Q1. How do thermal overload relays work?

A. Thermal overload relays work by monitoring the heat generated by an electric motor during operation. They contain a bimetallic strip that expands with increased temperature. When the motor draws excessive current, indicating a potential overload, the strip activates the relay, disconnecting power to the motor. This protective measure prevents overheating, safeguarding the motor from damage. The relay resets either automatically after a cooling-off period or manually, depending on the type of relay and application requirements.

Q2. How does an overload relay thermal unit work?

A. The thermal unit in an overload relay works by utilizing a bimetallic strip or other heat-sensitive elements. When current flows through the relay, it generates heat. The bimetallic strip, sensitive to temperature changes, bends as the temperature rises.
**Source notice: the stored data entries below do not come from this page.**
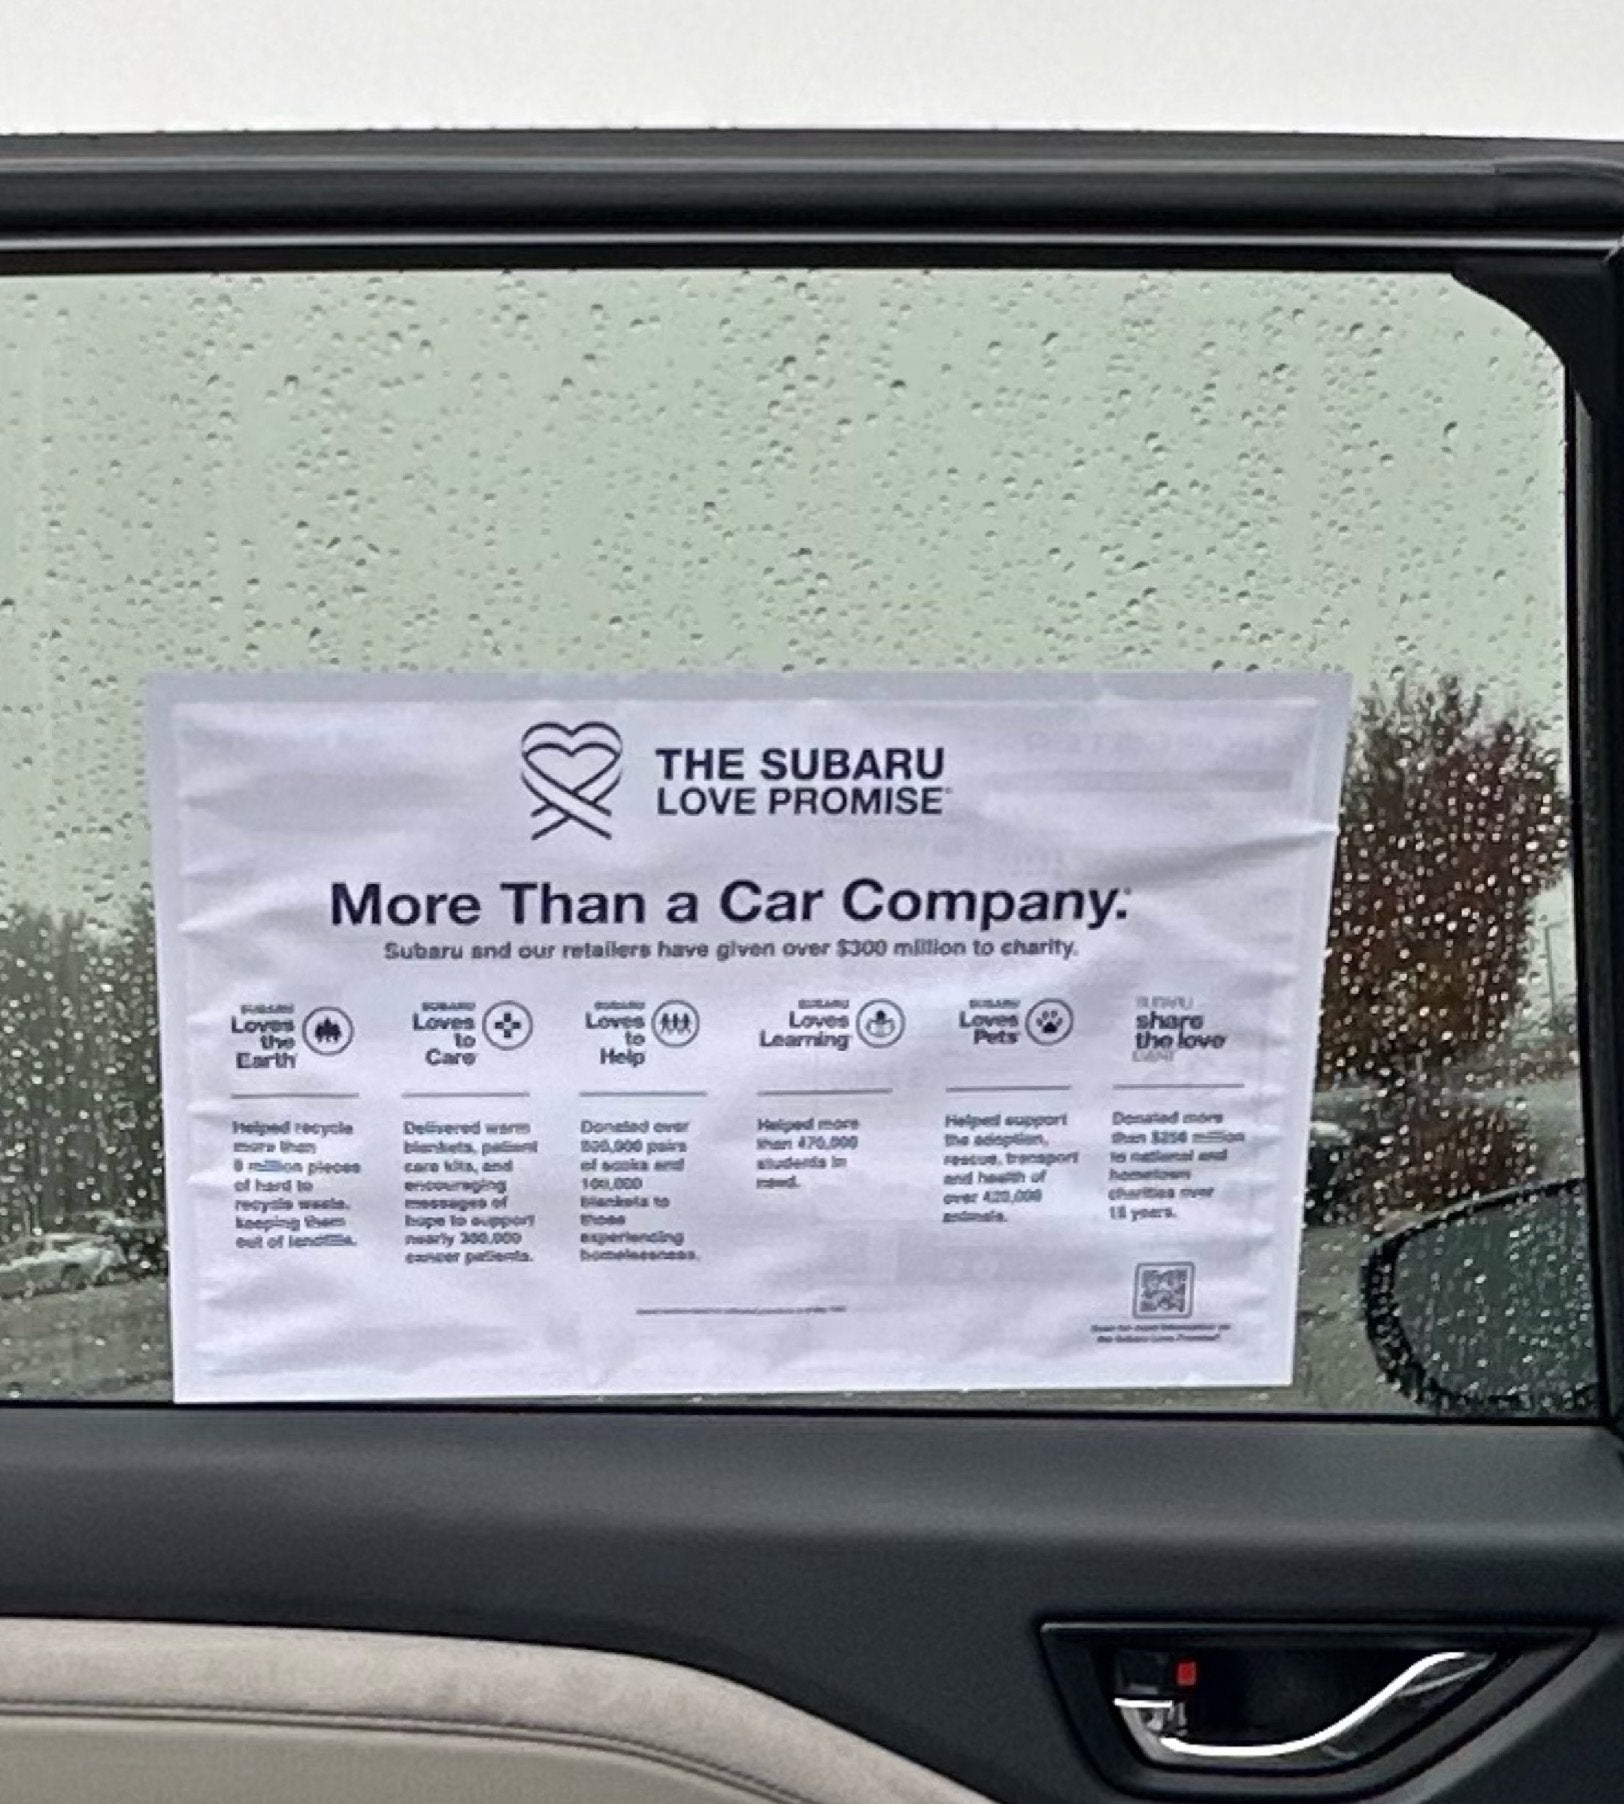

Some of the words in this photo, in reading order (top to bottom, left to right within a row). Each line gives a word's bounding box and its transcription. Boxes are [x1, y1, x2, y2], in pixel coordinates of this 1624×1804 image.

[656, 747, 745, 781] THE
[761, 746, 946, 781] SUBARU
[656, 786, 757, 816] LOVE
[331, 881, 481, 926] More
[499, 881, 646, 925] Than
[665, 890, 700, 925] a
[719, 878, 825, 923] Car
[383, 942, 463, 961] Subaru
[470, 941, 513, 960] and
[518, 944, 556, 960] our
[562, 940, 651, 960] retailers
[657, 940, 709, 959] have
[716, 939, 776, 962] given
[782, 941, 832, 958] over
[836, 938, 888, 958] $300
[893, 938, 967, 957] million
[972, 938, 996, 957] to
[1000, 937, 1079, 961] charity.
[231, 1014, 297, 1034] Loves
[411, 1011, 477, 1033] Loves
[584, 1011, 646, 1031] Loves
[788, 1010, 850, 1030] Loves
[958, 1010, 1021, 1029] Loves
[1135, 1010, 1205, 1030] share
[260, 1033, 297, 1050] the
[454, 1031, 477, 1050] to
[624, 1029, 646, 1047] to
[759, 1028, 850, 1051] Learning
[973, 1028, 1020, 1046] Pets
[1134, 1030, 1174, 1050] the
[1177, 1029, 1227, 1050] love
[235, 1050, 297, 1070] Earth
[424, 1047, 477, 1067] Care
[599, 1046, 646, 1068] Help
If the current exceeds the preset limit for a sustained period, the strip activates the relay, tripping the contacts and interrupting power to the motor. This mechanism prevents prolonged exposure to excessive current, protecting the motor from overheating and potential damage.

Q3. What causes a thermal overload to trip?

A. A thermal overload relay trips when a connected motor experiences excessive current over a prolonged period, leading to overheating. This can occur due to factors such as mechanical issues in the motor, voltage fluctuations, or increased load demand. The relay senses the elevated temperature through its thermal unit, activating the protective mechanism to disconnect power and prevent further damage. Continuous or severe overloads necessitate investigation into the root cause before resetting the relay.

Q4. What are two types of thermal overload relays?

A. Two common types of thermal overload relays are auto-reset and manual-reset. Auto-reset relays automatically restore power to the motor after a cooling-off period when an overload condition is detected. Manual-reset relays, on the other hand, require manual intervention to reset after a trip. The choice between these types depends on the application's requirements, with auto-reset being suitable for situations where temporary overloads are expected, and manual-reset offering a more deliberate approach for careful evaluation and intervention.